I suppose having American stopovers in Shannon, not building social housing, giving that concession to Shell, not investing in rail, paying off bondholders, PPP, giving bookies tax breaks, selling Nama property to hedge funds, killing the national pensions reserve, 12.5% corporation tax, the double Irish, tax scams, the IFSC, light touch regulations etc would be all fairly neolib. But this will never come up in the election unless from people RTE class as extremist like Joe Higgins.
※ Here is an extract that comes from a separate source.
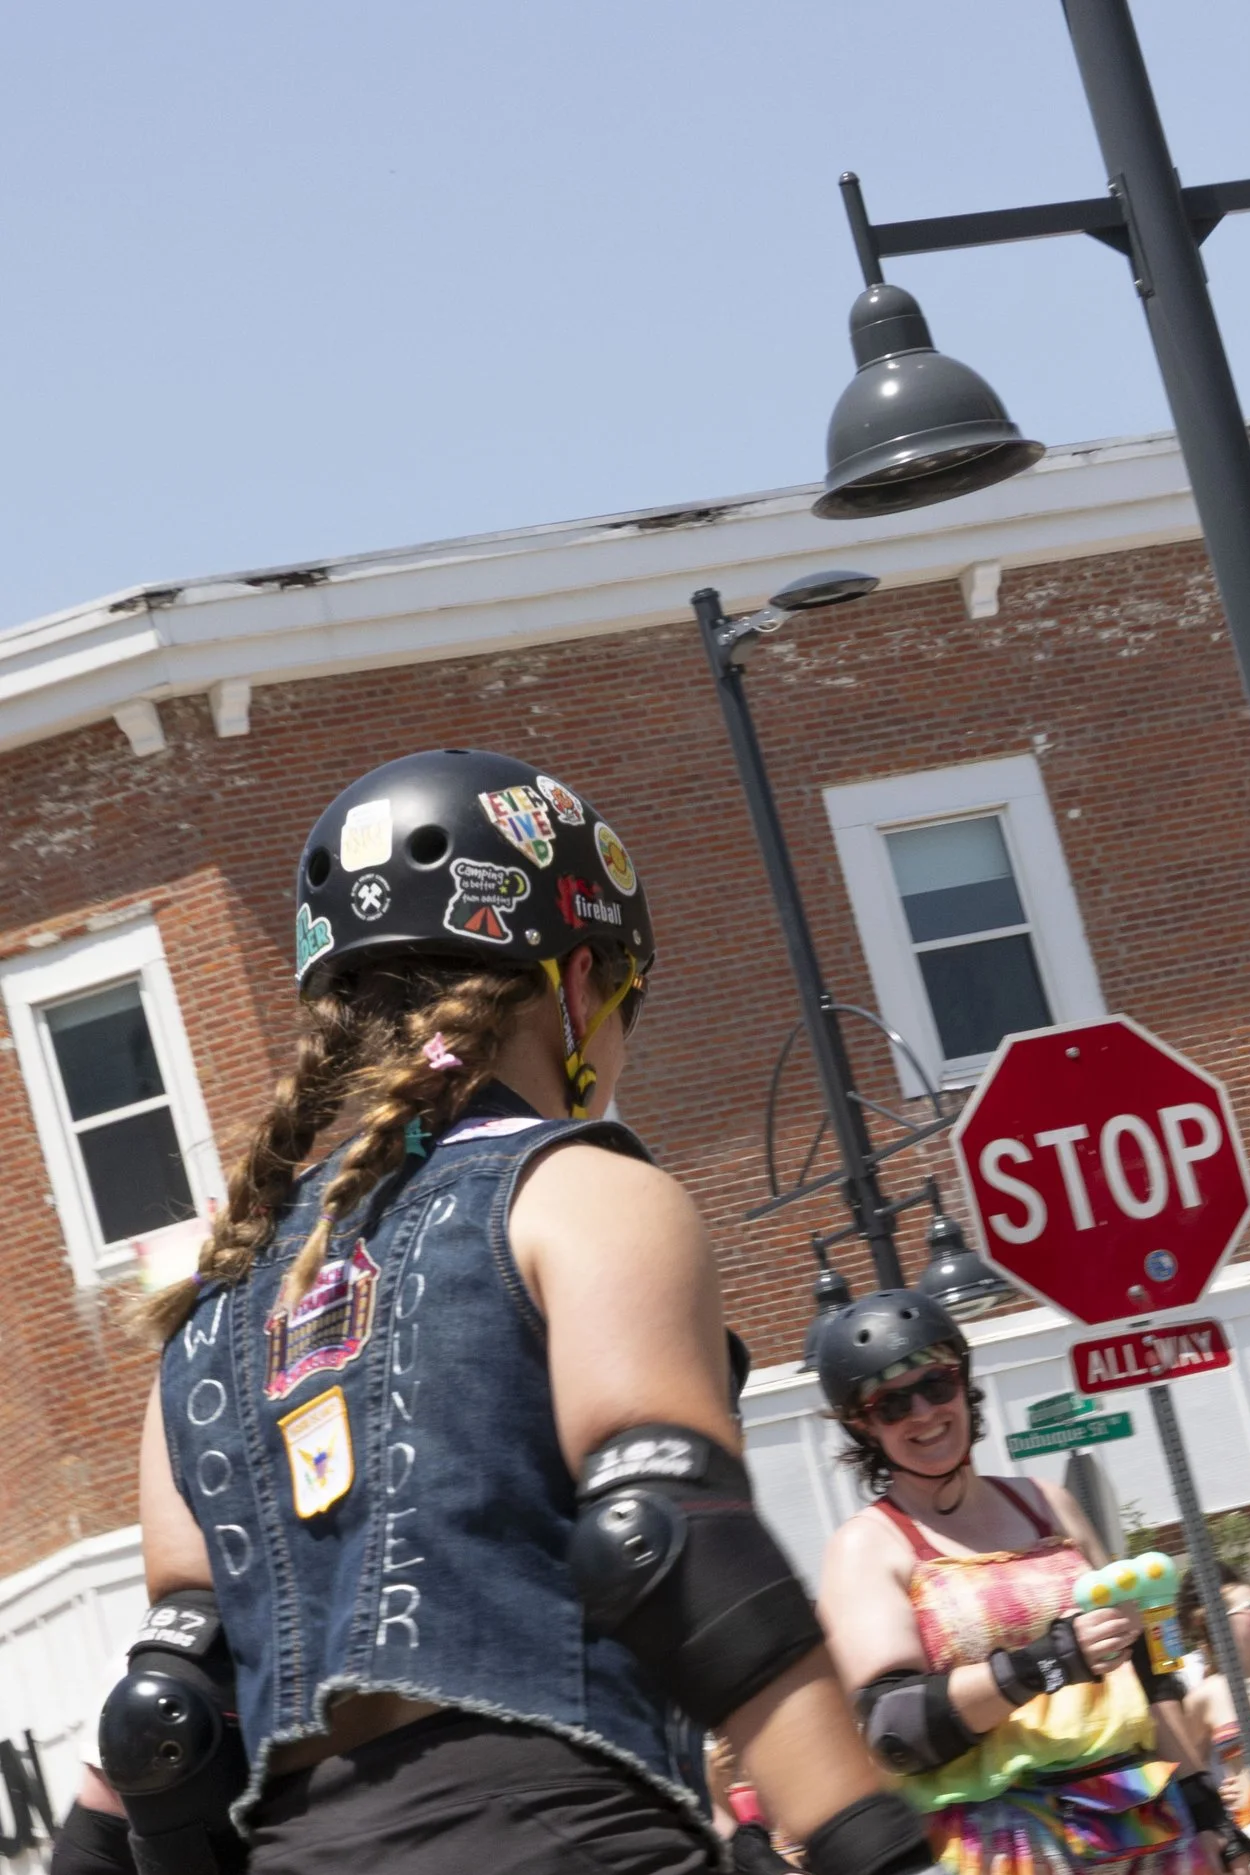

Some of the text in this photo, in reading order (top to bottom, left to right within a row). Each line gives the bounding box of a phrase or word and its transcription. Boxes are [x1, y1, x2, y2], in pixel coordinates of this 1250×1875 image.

[575, 894, 622, 925] fireball
[979, 1103, 1223, 1245] STOP
[1087, 1330, 1216, 1384] ALL WAY
Fianna Fail and the Blue shirts are bought and sold.

Eamonnca1

Quote from: seafoid on January 03, 2016, 03:07:40 PM
http://www.irishtimes.com/news/ireland/irish-news/brexit-a-referendum-on-ireland-s-future-1.2476474

a long way from the 1980s and how people viewed Thatcher...
I wonder how many voters are neoliberal. The f**kers

I think a lot of them vote on a "he fixshed de road" basis.

ashman

Quote from: seafoid on January 03, 2016, 07:57:37 PM
I suppose having American stopovers in Shannon, not building social housing, giving that concession to Shell, not investing in rail, paying off bondholders, PPP, giving bookies tax breaks, selling Nama property to hedge funds, killing the national pensions reserve, 12.5% corporation tax, the double Irish, tax scams, the IFSC, light touch regulations etc would be all fairly neolib. But this will never come up in the election unless from people RTE class as extremist like Joe Higgins. Fianna Fail and the Blue shirts are bought and sold.

Great whinge by give me your costed alternatives for the Socialist Utopia.

What we have in Ireland is oppositionism rather than opposition. A really good article of the ST today by Andrew Marr on this.




seafoid

Quote from: ashman on January 03, 2016, 10:10:17 PM
Quote from: seafoid on January 03, 2016, 07:57:37 PM
I suppose having American stopovers in Shannon, not building social housing, giving that concession to Shell, not investing in rail, paying off bondholders, PPP, giving bookies tax breaks, selling Nama property to hedge funds, killing the national pensions reserve, 12.5% corporation tax, the double Irish, tax scams, the IFSC, light touch regulations etc would be all fairly neolib. But this will never come up in the election unless from people RTE class as extremist like Joe Higgins. Fianna Fail and the Blue shirts are bought and sold.

Great whinge by give me your costed alternatives for the Socialist Utopia.

What we have in Ireland is oppositionism rather than opposition. A really good article of the ST today by Andrew Marr on this.
Hanging onto the NPR and not paying off the bondholders would have saved around 60bn, enough for a few social houses
Neoliberalism is fucked anyway

http://www.thomaspalley.com/?p=164#more-164
"The euro was introduced in 1999, the high-water mark of neoliberal economics. As such, its institutional design embeds neoliberal monetary theory which in many regards rests on the same economic principles as the gold standard. These principles are that fiscal policy is ineffective; inflation is caused exclusively by money supply growth; and the real economy quickly and automatically returns to full employment in response to negative shocks.

Principles discredited

All three principles have been fundamentally discredited by the current recession"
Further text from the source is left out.